What is needed is the full set of records, word for word, with no pictures.

### EXCERPTED DATA
▼
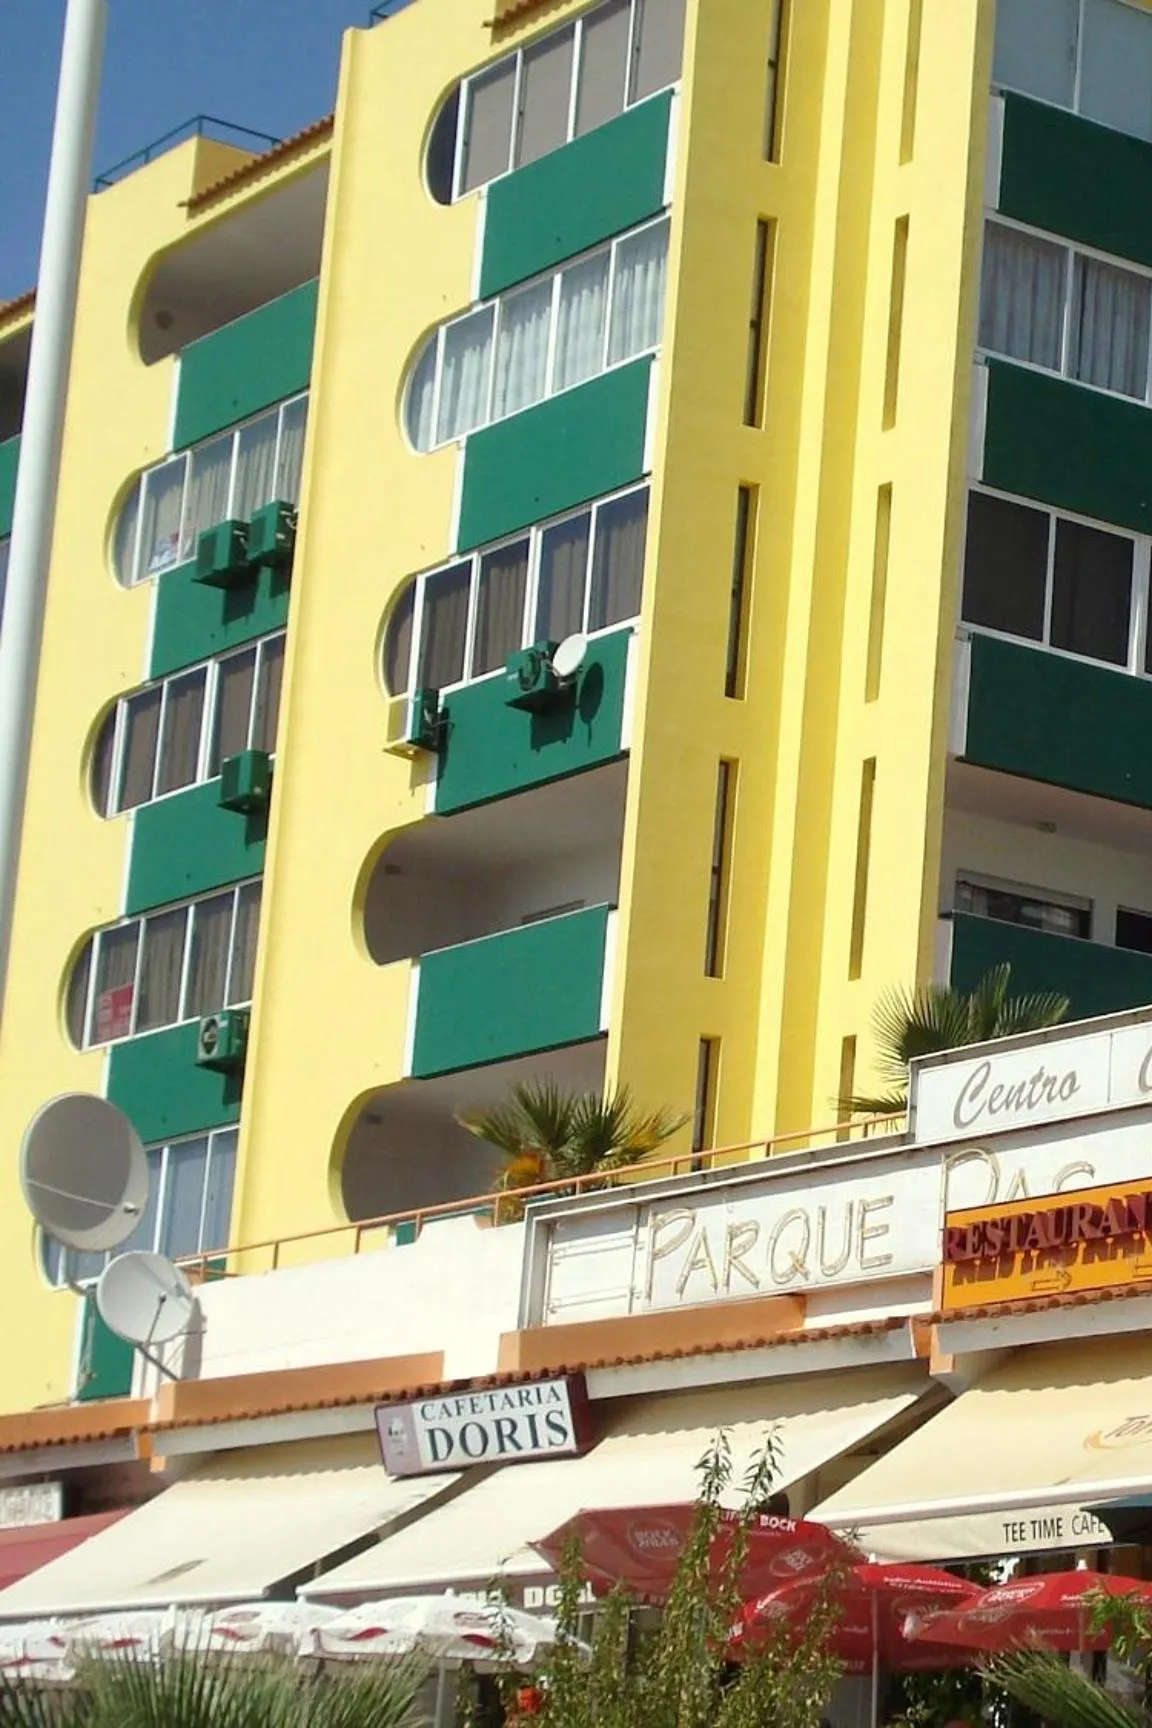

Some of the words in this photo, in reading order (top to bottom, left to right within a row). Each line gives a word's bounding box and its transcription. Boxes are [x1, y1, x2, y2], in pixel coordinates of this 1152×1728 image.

[952, 1062, 1080, 1130] Centro
[647, 1195, 895, 1301] PARQUE
[420, 1384, 562, 1422] CAFETARIA
[425, 1409, 569, 1463] DORIS
[759, 1514, 797, 1533] BOCK
[1002, 1521, 1026, 1544] TEE
[1030, 1517, 1063, 1542] TIME
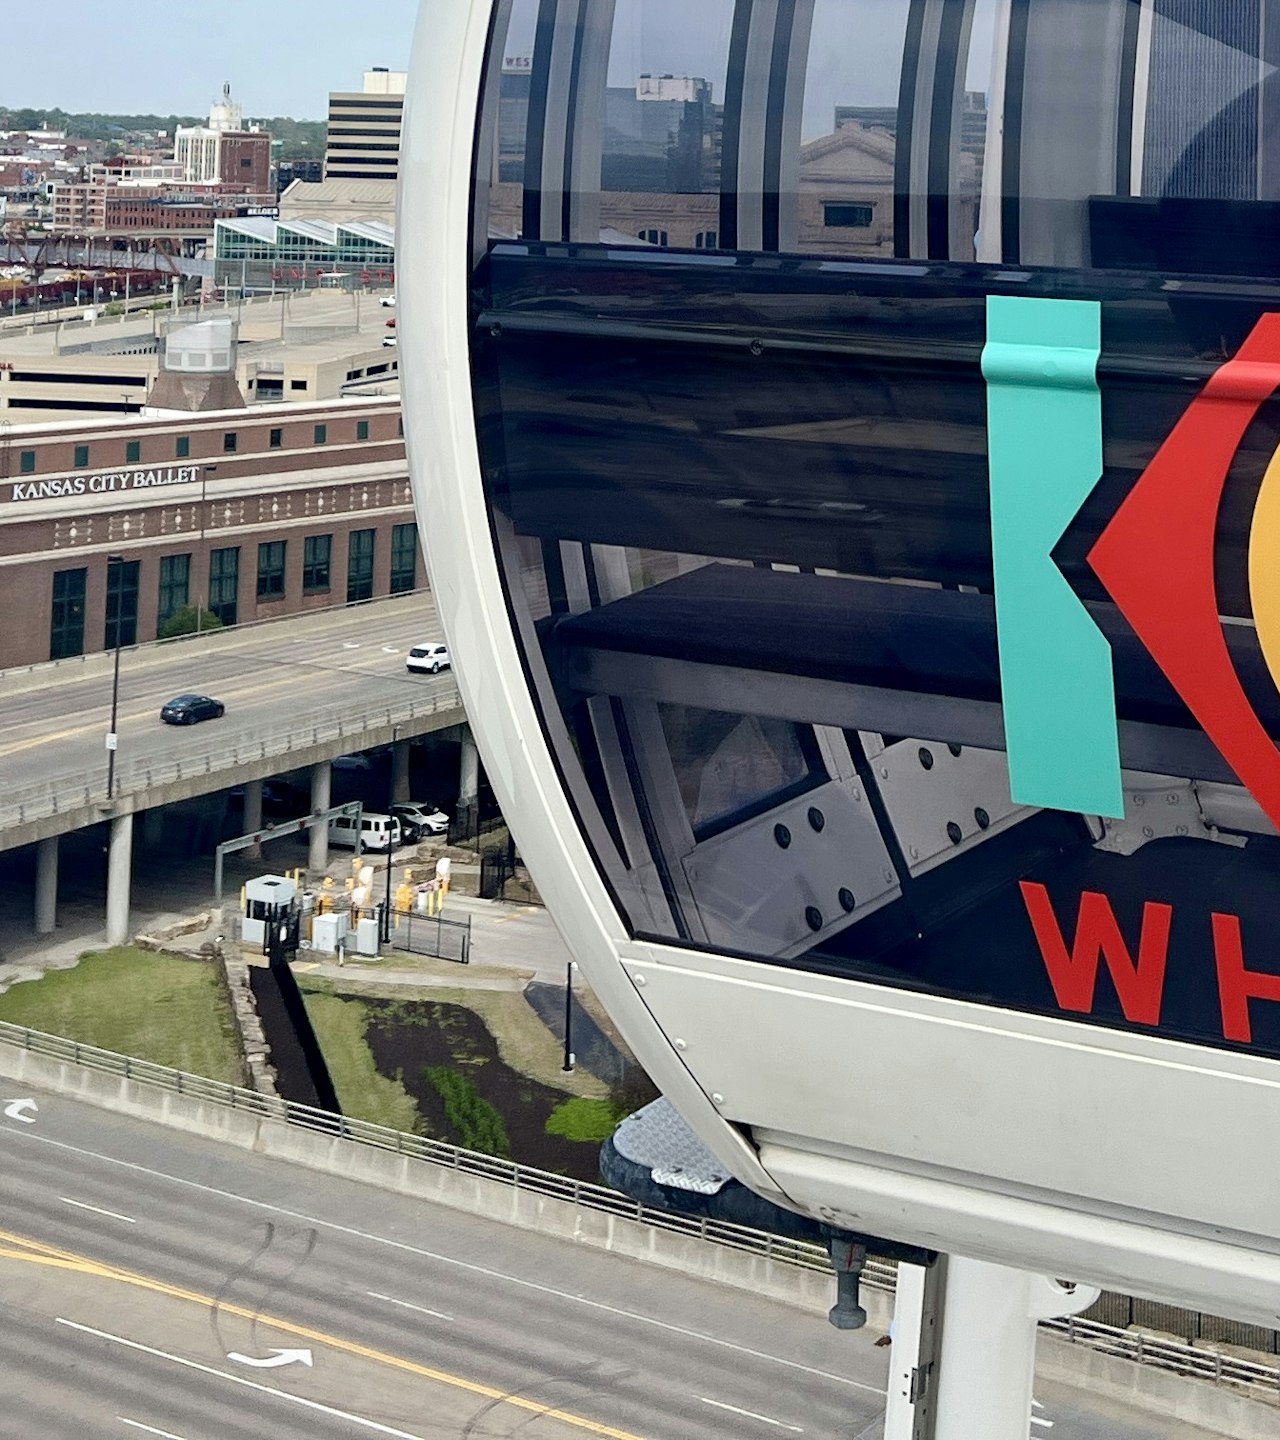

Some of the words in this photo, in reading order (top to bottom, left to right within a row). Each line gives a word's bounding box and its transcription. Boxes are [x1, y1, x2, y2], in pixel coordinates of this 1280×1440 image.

[505, 56, 531, 67] WES
[12, 477, 86, 501] KANSAS
[89, 473, 133, 492] CITY
[133, 466, 200, 488] BALLET
▲
### EXPECTED ANSWER
Some of the words in this photo, in reading order (top to bottom, left to right within a row). Each line gives a word's bounding box and its transcription. Boxes are [x1, y1, x2, y2], in pixel coordinates of this 1152×1728 image.

[952, 1062, 1080, 1130] Centro
[647, 1195, 895, 1301] PARQUE
[420, 1384, 562, 1422] CAFETARIA
[425, 1409, 569, 1463] DORIS
[759, 1514, 797, 1533] BOCK
[1002, 1521, 1026, 1544] TEE
[1030, 1517, 1063, 1542] TIME

Some of the words in this photo, in reading order (top to bottom, left to right within a row). Each line gives a word's bounding box and its transcription. Boxes are [x1, y1, x2, y2], in pixel coordinates of this 1280×1440 image.

[505, 56, 531, 67] WES
[12, 477, 86, 501] KANSAS
[89, 473, 133, 492] CITY
[133, 466, 200, 488] BALLET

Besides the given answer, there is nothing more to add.